[Image-backed grounding data]

=-=-=-=-=

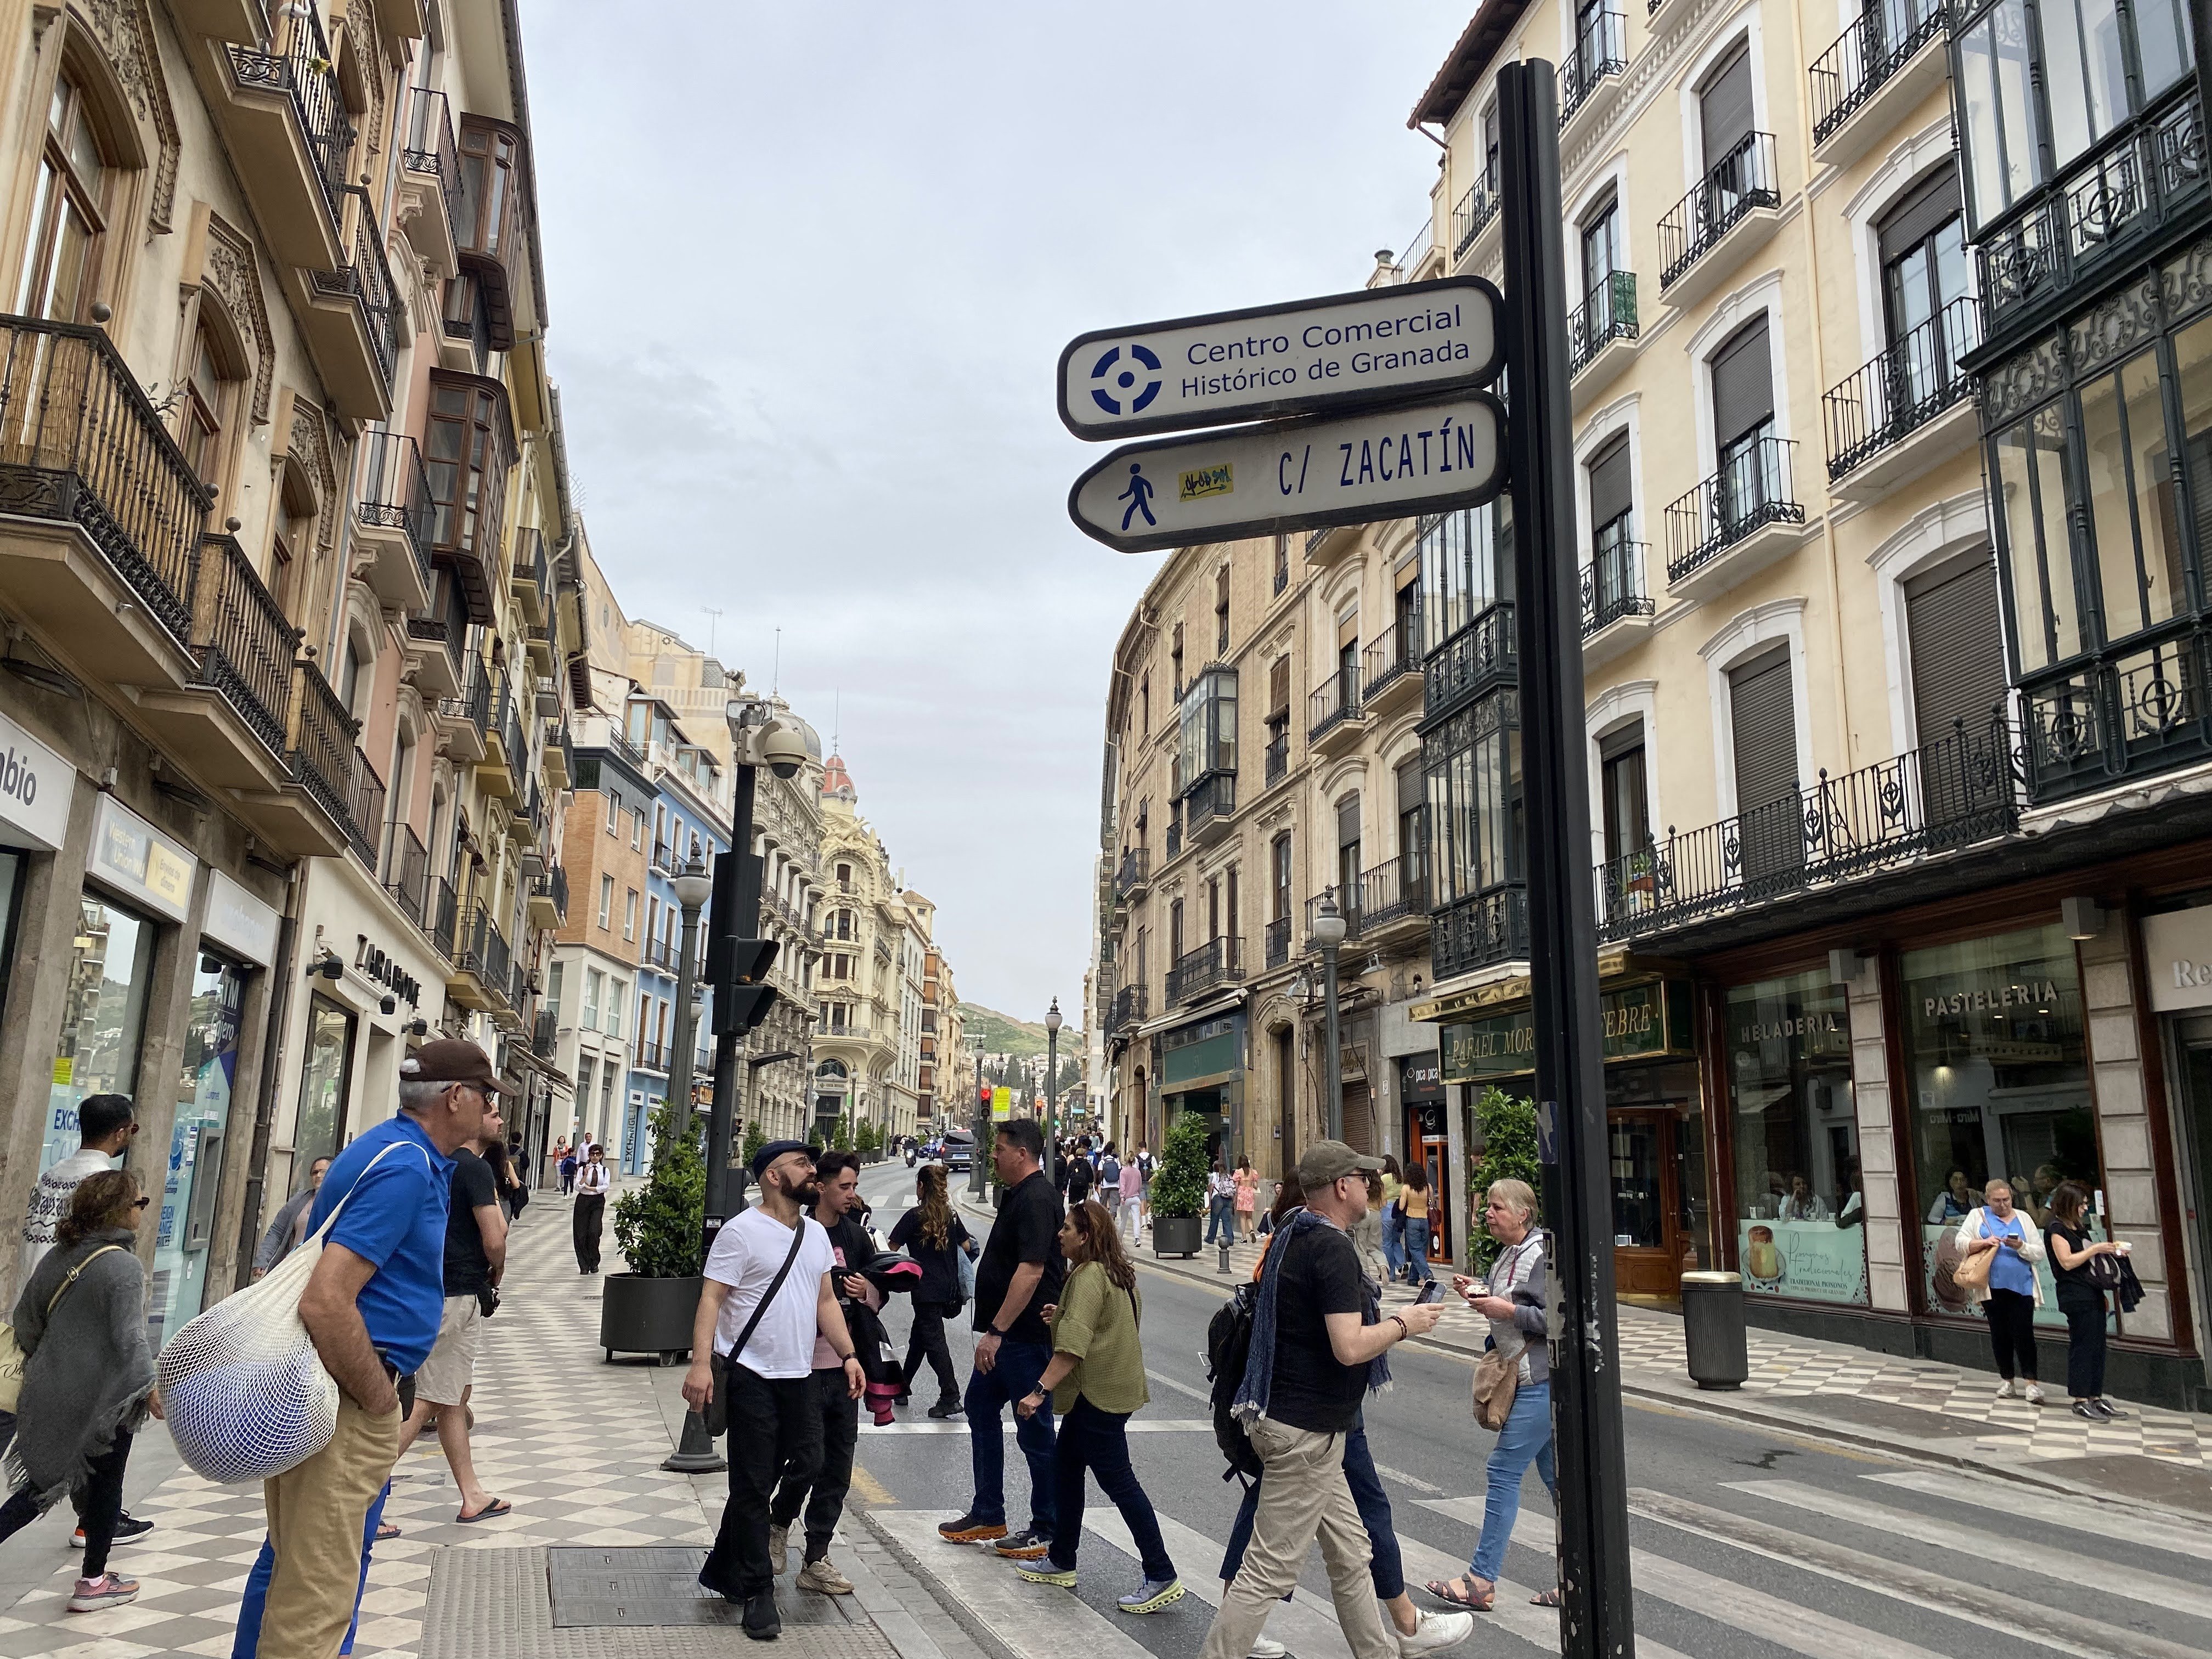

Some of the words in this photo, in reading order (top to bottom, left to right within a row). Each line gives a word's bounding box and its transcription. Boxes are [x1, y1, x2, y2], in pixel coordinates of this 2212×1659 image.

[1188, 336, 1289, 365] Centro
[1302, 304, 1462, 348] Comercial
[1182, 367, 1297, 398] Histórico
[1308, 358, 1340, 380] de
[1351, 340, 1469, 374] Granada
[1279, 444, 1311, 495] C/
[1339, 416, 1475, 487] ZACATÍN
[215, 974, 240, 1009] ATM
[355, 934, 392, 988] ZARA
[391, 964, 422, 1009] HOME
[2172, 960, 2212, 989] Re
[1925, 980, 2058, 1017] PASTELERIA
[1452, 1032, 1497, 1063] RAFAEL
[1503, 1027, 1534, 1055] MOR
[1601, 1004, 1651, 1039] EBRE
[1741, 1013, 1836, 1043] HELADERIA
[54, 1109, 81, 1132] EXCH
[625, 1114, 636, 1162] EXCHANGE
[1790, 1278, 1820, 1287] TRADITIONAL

=-=-=-=-=

• _What is being asked_:
Print each line above exactly as it appears, excluding all images.

• _Task solution_:
Some of the words in this photo, in reading order (top to bottom, left to right within a row). Each line gives a word's bounding box and its transcription. Boxes are [x1, y1, x2, y2], in pixel coordinates of this 2212×1659 image.

[1188, 336, 1289, 365] Centro
[1302, 304, 1462, 348] Comercial
[1182, 367, 1297, 398] Histórico
[1308, 358, 1340, 380] de
[1351, 340, 1469, 374] Granada
[1279, 444, 1311, 495] C/
[1339, 416, 1475, 487] ZACATÍN
[215, 974, 240, 1009] ATM
[355, 934, 392, 988] ZARA
[391, 964, 422, 1009] HOME
[2172, 960, 2212, 989] Re
[1925, 980, 2058, 1017] PASTELERIA
[1452, 1032, 1497, 1063] RAFAEL
[1503, 1027, 1534, 1055] MOR
[1601, 1004, 1651, 1039] EBRE
[1741, 1013, 1836, 1043] HELADERIA
[54, 1109, 81, 1132] EXCH
[625, 1114, 636, 1162] EXCHANGE
[1790, 1278, 1820, 1287] TRADITIONAL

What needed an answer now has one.